On the morning of May 31th of 2012, the Storm Prediction Center was already concerned about the day and immediately placed a enhanced risk over a small region of Texas including the cities of Houston, Waco, Austin, and Killeen. The tornado probability was in a 10% zone imbedded in the enhanced risk, the area was shaded dark so significant tornadoes were favorable for the area. 9:42 AM, the SPC had upgraded the risk to moderate and a tornado watch was issued with a chance of 30%, the risk was upgraded to high at 10:04 AM, the chances of tornadoes skyrocketed to a 45% chance, many shows had the news pop up on random times when the weather changes, now, many people were worried and had packed up and got ready for the storm or evacuated the area.
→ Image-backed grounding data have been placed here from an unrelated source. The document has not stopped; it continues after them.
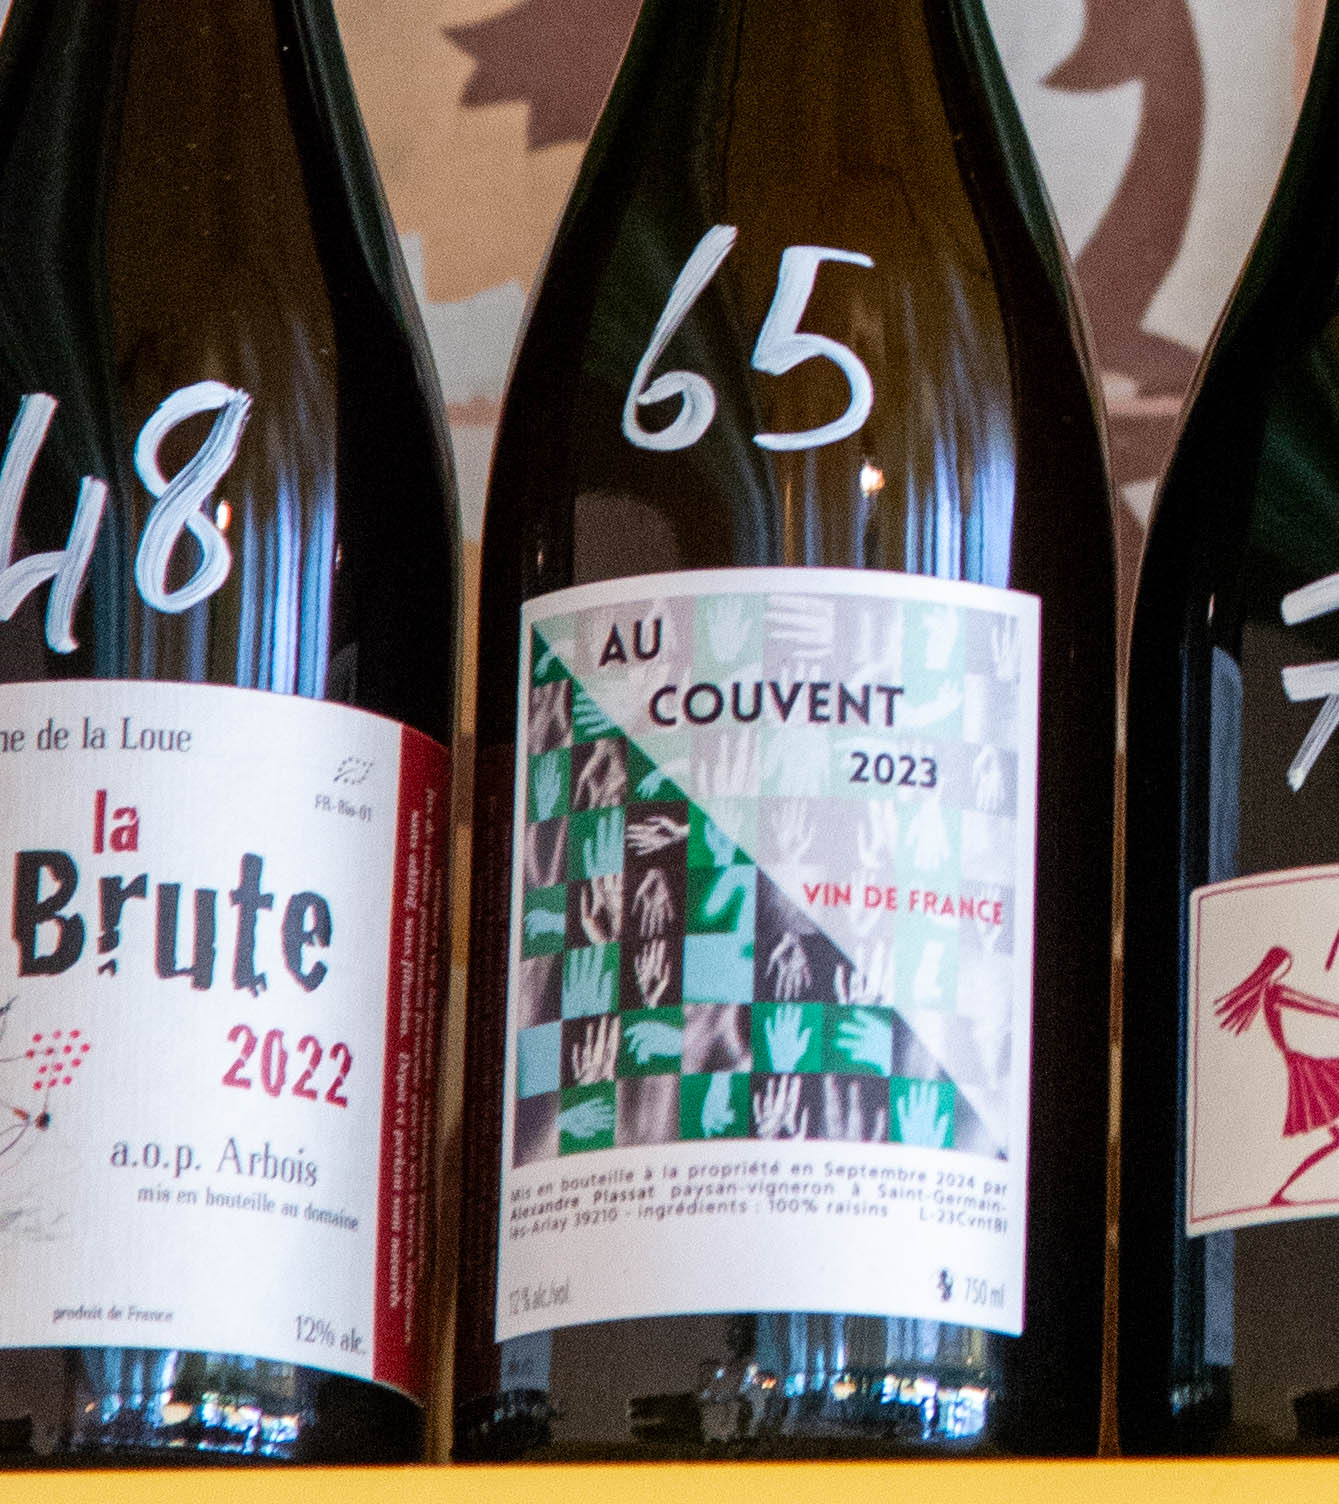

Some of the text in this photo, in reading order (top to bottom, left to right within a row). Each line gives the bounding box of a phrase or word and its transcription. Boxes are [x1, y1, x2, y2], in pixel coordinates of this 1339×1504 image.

[623, 224, 875, 452] 65
[0, 381, 252, 653] 48
[599, 618, 664, 668] AU
[648, 680, 905, 728] COUVENT
[37, 717, 69, 751] de
[82, 717, 106, 751] la
[119, 716, 193, 754] Loue
[848, 750, 939, 789] 2023
[92, 788, 140, 854] la
[12, 849, 334, 998] Brute
[803, 881, 1004, 926] VIN DE FRANCE
[221, 1023, 354, 1109] 2022
[110, 1136, 320, 1188] a.o.p. Arbois
[509, 1159, 1008, 1204] Mis en bouteille à la propriété en Septembre 2024 par
[137, 1183, 359, 1232] mis en bouteille au domaine
[509, 1196, 580, 1223] Alexandre
[593, 1184, 656, 1205] Plassat
[671, 1180, 835, 1201] paysan-vigneron
[851, 1181, 861, 1199] à
[574, 1205, 619, 1229] 39210
[637, 1198, 748, 1222] ingrédients
[768, 1198, 818, 1215] 100%
[826, 1199, 889, 1219] raisins
[52, 1304, 174, 1324] produit de France
[294, 1313, 336, 1347] 12%
In the afternoon, weather took a big turn, from sunny, to thunderstorming. Winds from these storms were up to 60 mph, blowing trees and making the rain and hail in them blow sideways, all 5 of the supercells were very strong, they had 6.5 inch hail on them and winds of now 80 mph, a PDS severe thunderstorm warning was issued as the storm moved east at 12 mph. A few minutes later, a tornado warning was issued, The rotation on velocity was very strong, CC was showing a debris ball with a huge clear spot in the dark blue indicating there was a very, very strong tornado on the ground, the tornado did look like a weak rope tornado, but the tornado's boundary was very wide, the boundary was a half mile wide with 190 mph winds on its outskirts and 200+ mph winds in the actual tornado. the tornado became rainwrapped while throwing cars 6000 feet in the air and crashing into the ground at max speeds of 110 mph, the cars caused widespread fires and road crackings. The tornado turned into a stovepipe and a mix of a wedge tornado in 1 minute, It was 2 miles from entering Waco, TX. The tornado was hitting small shacks and houses, Storm chasers were tracking the tornado, storm spotters were reporting a wedge tornado on the ground, One storm chaser captured a very cool photo of the tornado, showing the tornado throwing debris in the air while small vortices snaking outwards from the tornado. The tornado was moving slow, moving at a groundspeed of 15 mph, moving east toward Waco, TX. When the next hour hit, it was in the outskirts of Waco, TX at 2:00 in the afternoon, Houses were being ripped off of their foundation and torn apart by the twister, then flying out of the twister and bursting out windows, trees were falling on houses, multiple powerflashes occurred while a house generator being exploded by the strong winds of the tornado, luckily, the tornado only hit the less dense parts of Waco, It soon exited Waco moving east at 17 mph, it crossed the Brazos River, It peaked outside of town at winds of 241 mph, trees had fell and been threw up straight into the tornado before being spat out of the tornado crashing into the ground, knocking other trees down, the ground was bare and had a deep ditch following the tornado's path indicating it was ground scouring, the pit was 4 feet in depth, the tornado had finally dissipated at 3:51 PM along a 80 mile path.
After the tornado dissipated, the tornado was then rated an EF5 with winds of 241 mph according to the survey, most of Waco's suburbs has been destroyed by the 0.94 mile wide tornado, bare slabs were left from the town, only 5 trees were lest standing, debarked, struck by lightning, and lost their leaves from the tornado. Those trees will remember the citizens of the EF5 tornado as the town rebuilds.